WHAT YOU ARE ASKED TO DO >>
From the data below, repeat everything exactly except the images.

INPUT FOR THIS TASK >>
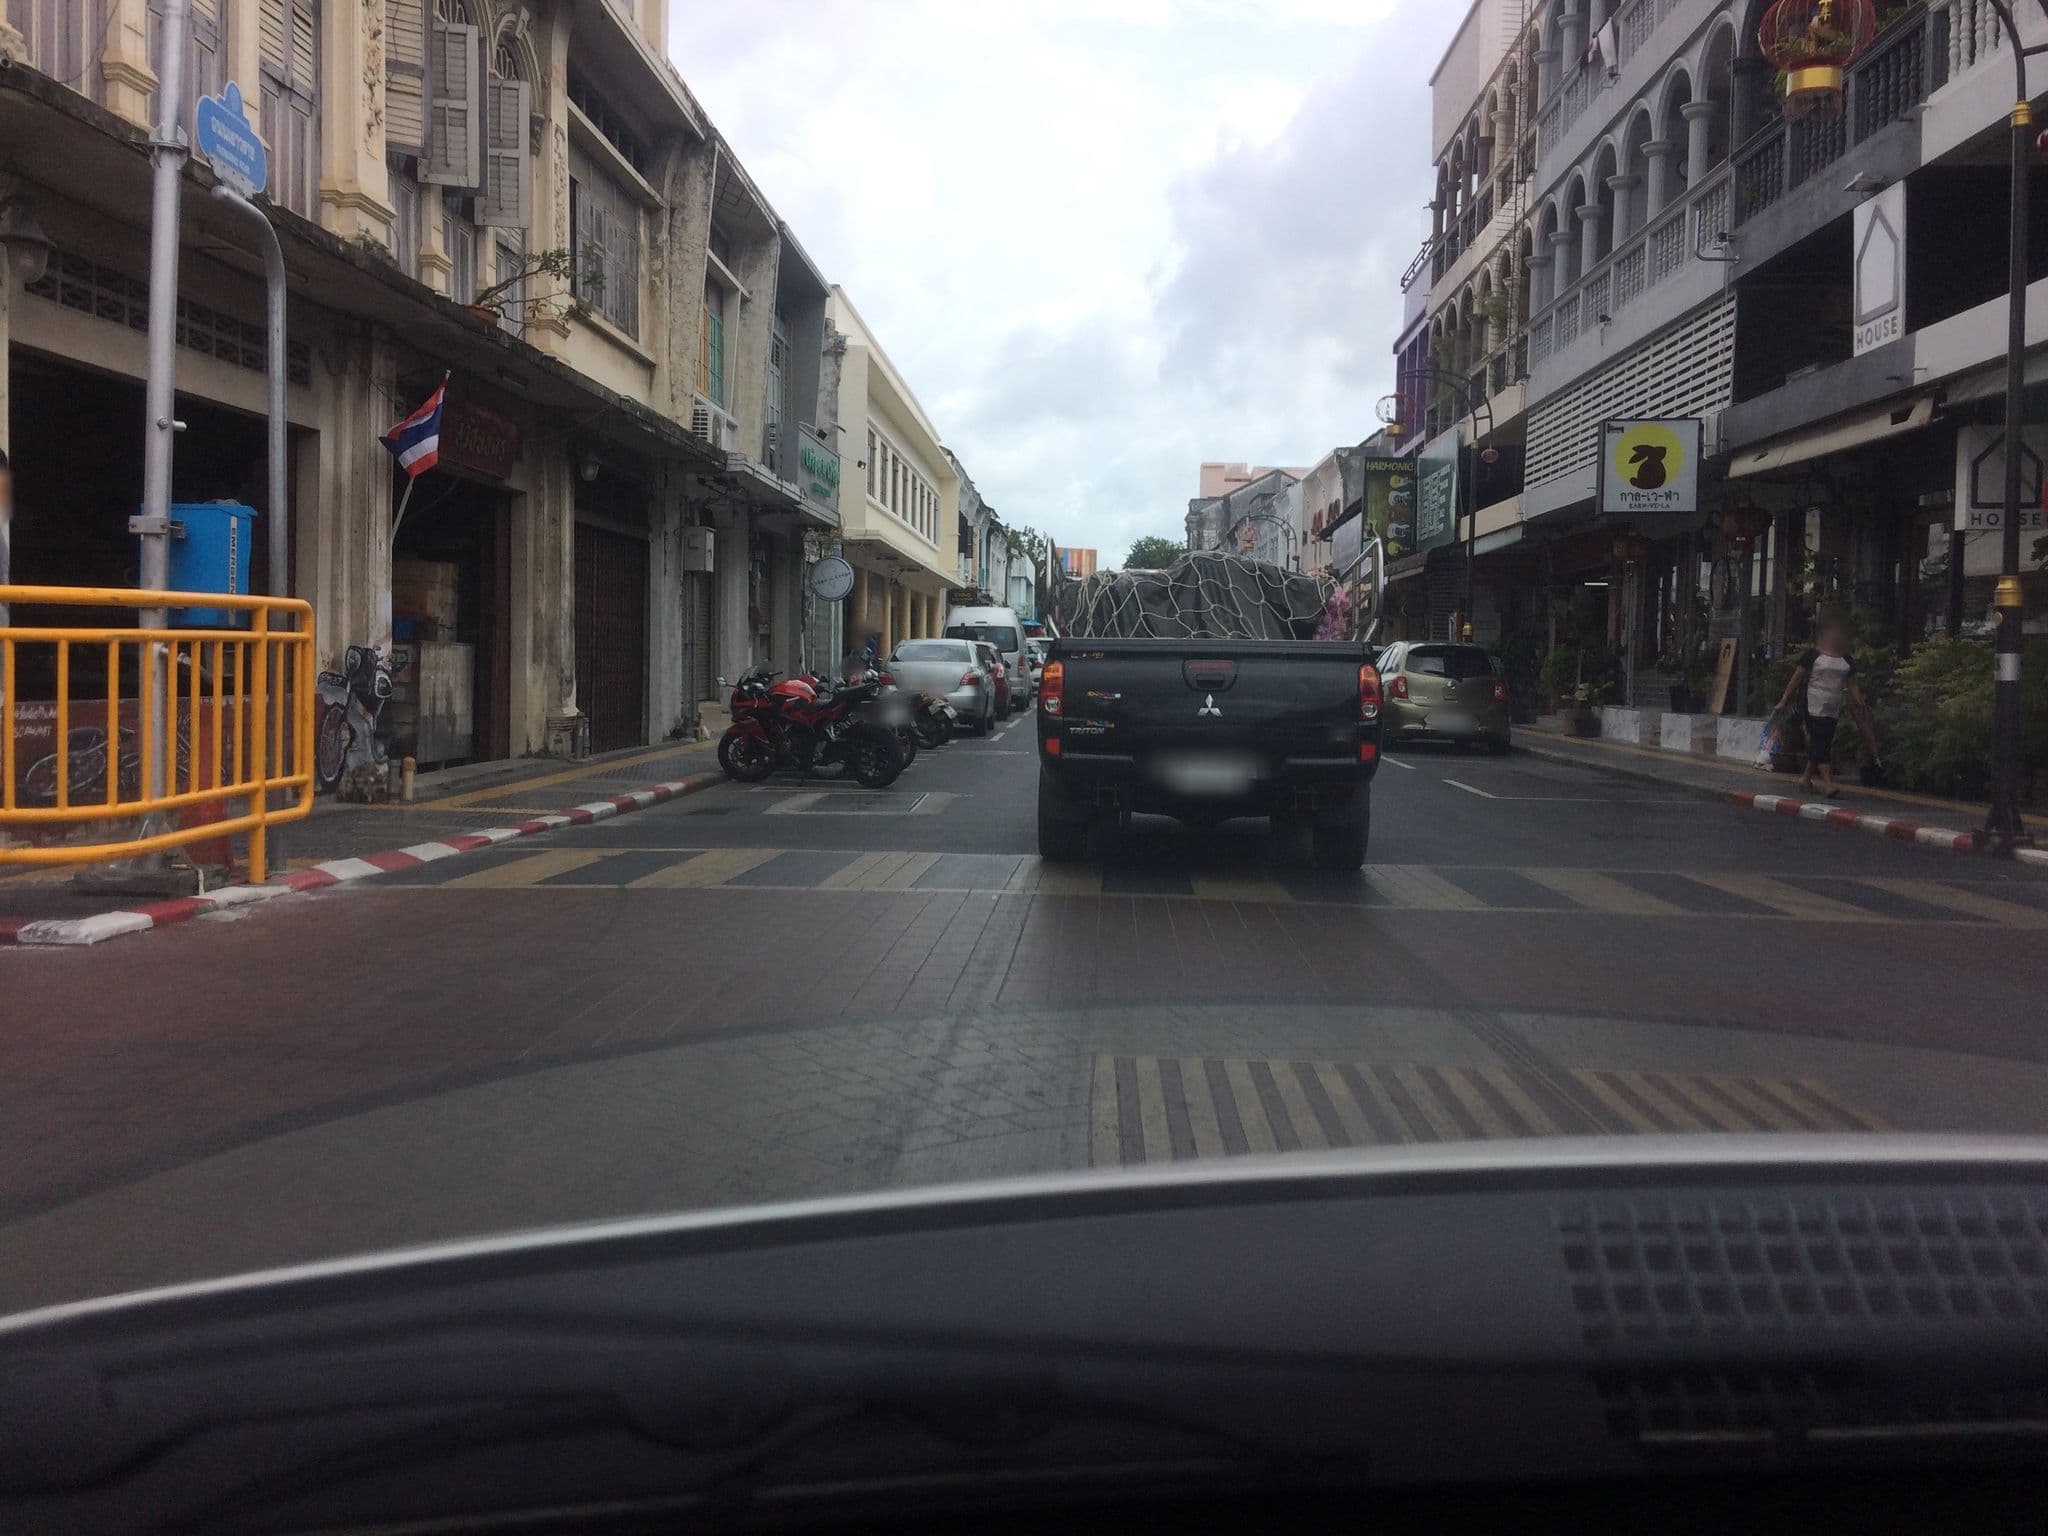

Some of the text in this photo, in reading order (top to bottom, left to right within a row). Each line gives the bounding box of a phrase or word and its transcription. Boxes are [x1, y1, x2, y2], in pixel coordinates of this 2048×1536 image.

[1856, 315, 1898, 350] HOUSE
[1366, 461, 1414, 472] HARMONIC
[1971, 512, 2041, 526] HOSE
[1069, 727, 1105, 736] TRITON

OUTPUT FOR THIS EXERCISE >>
Some of the text in this photo, in reading order (top to bottom, left to right within a row). Each line gives the bounding box of a phrase or word and its transcription. Boxes are [x1, y1, x2, y2], in pixel coordinates of this 2048×1536 image.

[1856, 315, 1898, 350] HOUSE
[1366, 461, 1414, 472] HARMONIC
[1971, 512, 2041, 526] HOSE
[1069, 727, 1105, 736] TRITON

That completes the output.